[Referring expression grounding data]
§ §
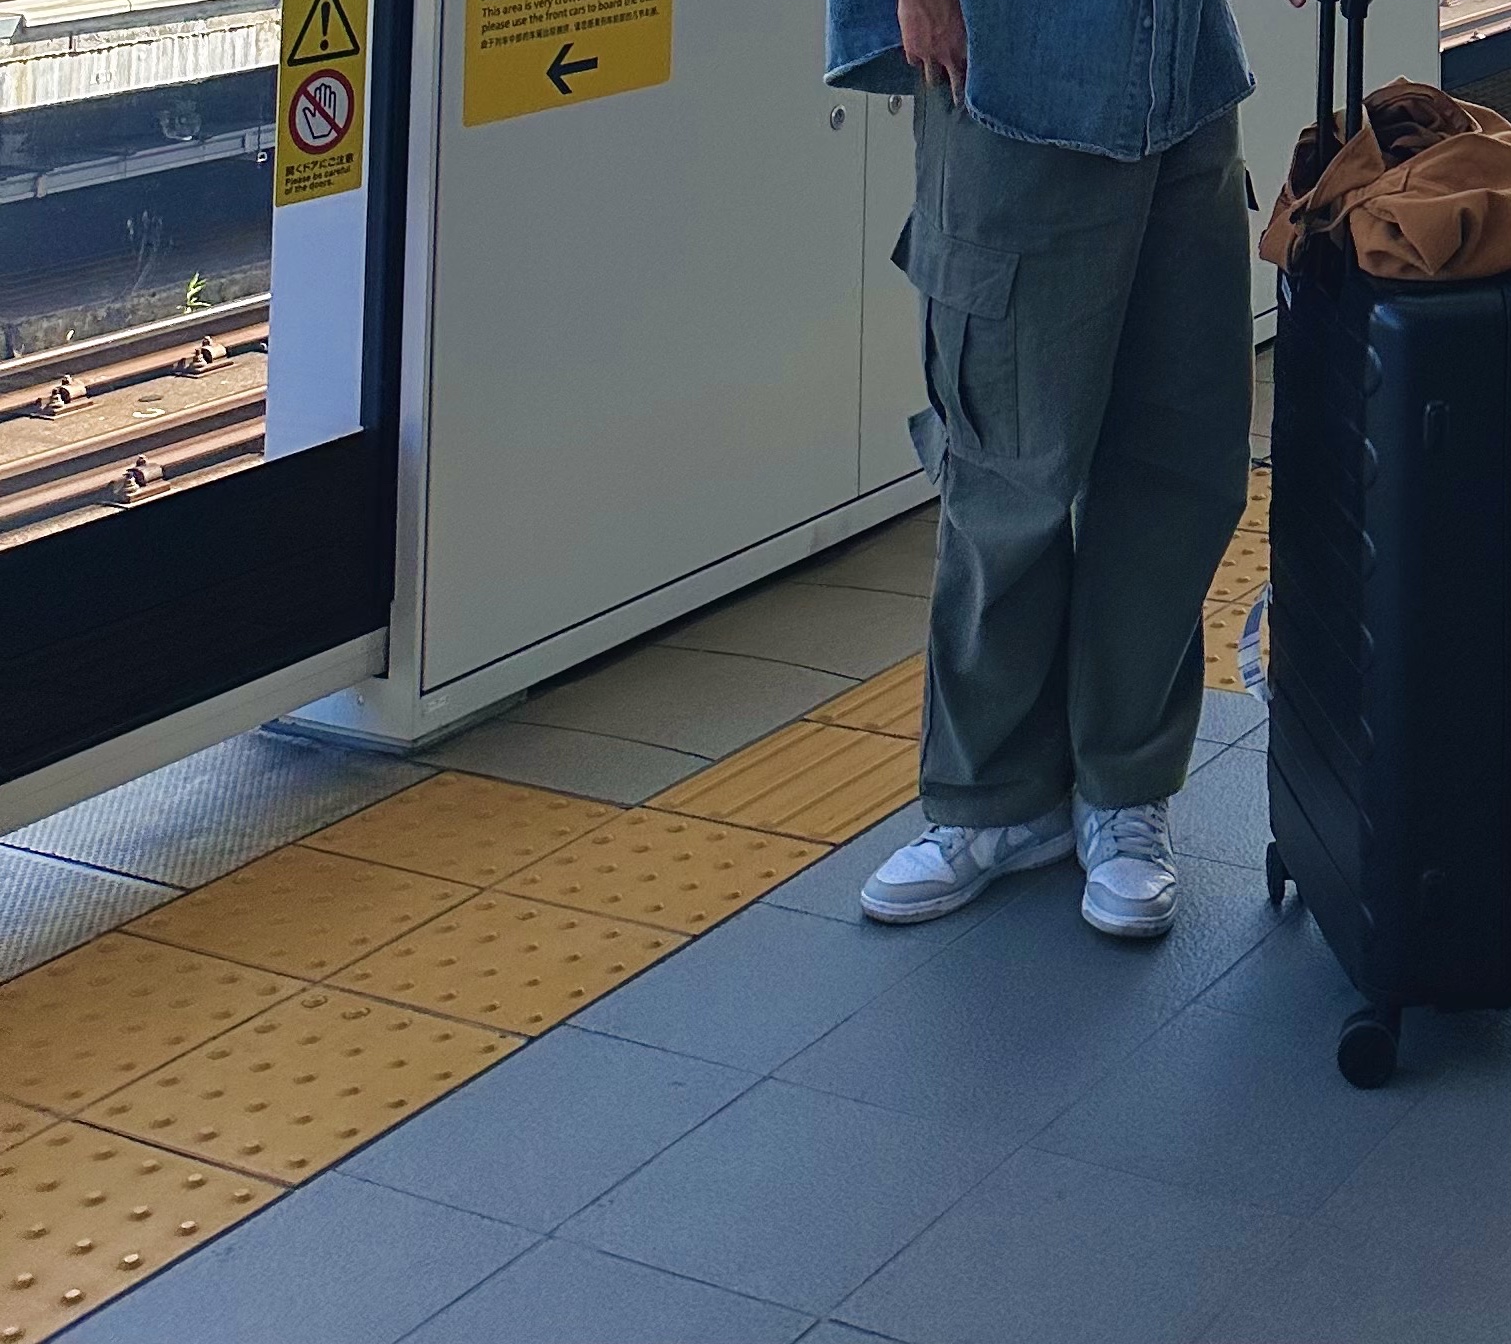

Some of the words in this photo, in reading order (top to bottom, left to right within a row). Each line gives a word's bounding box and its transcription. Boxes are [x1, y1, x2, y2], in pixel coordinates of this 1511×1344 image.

[481, 19, 511, 35] please
[512, 16, 527, 27] use
[529, 12, 543, 24] the
[545, 7, 568, 21] front
[569, 5, 586, 17] cars
[587, 3, 597, 14] to
[482, 6, 501, 18] This
[502, 2, 523, 14] area
[524, 0, 532, 9] is
§ §
#### EXERCISE DIRECTIONS
The expected answer is the complete set of entries, copied verbatim, with no pictures.

#### ANSWER BOX
Some of the words in this photo, in reading order (top to bottom, left to right within a row). Each line gives a word's bounding box and its transcription. Boxes are [x1, y1, x2, y2], in pixel coordinates of this 1511×1344 image.

[481, 19, 511, 35] please
[512, 16, 527, 27] use
[529, 12, 543, 24] the
[545, 7, 568, 21] front
[569, 5, 586, 17] cars
[587, 3, 597, 14] to
[482, 6, 501, 18] This
[502, 2, 523, 14] area
[524, 0, 532, 9] is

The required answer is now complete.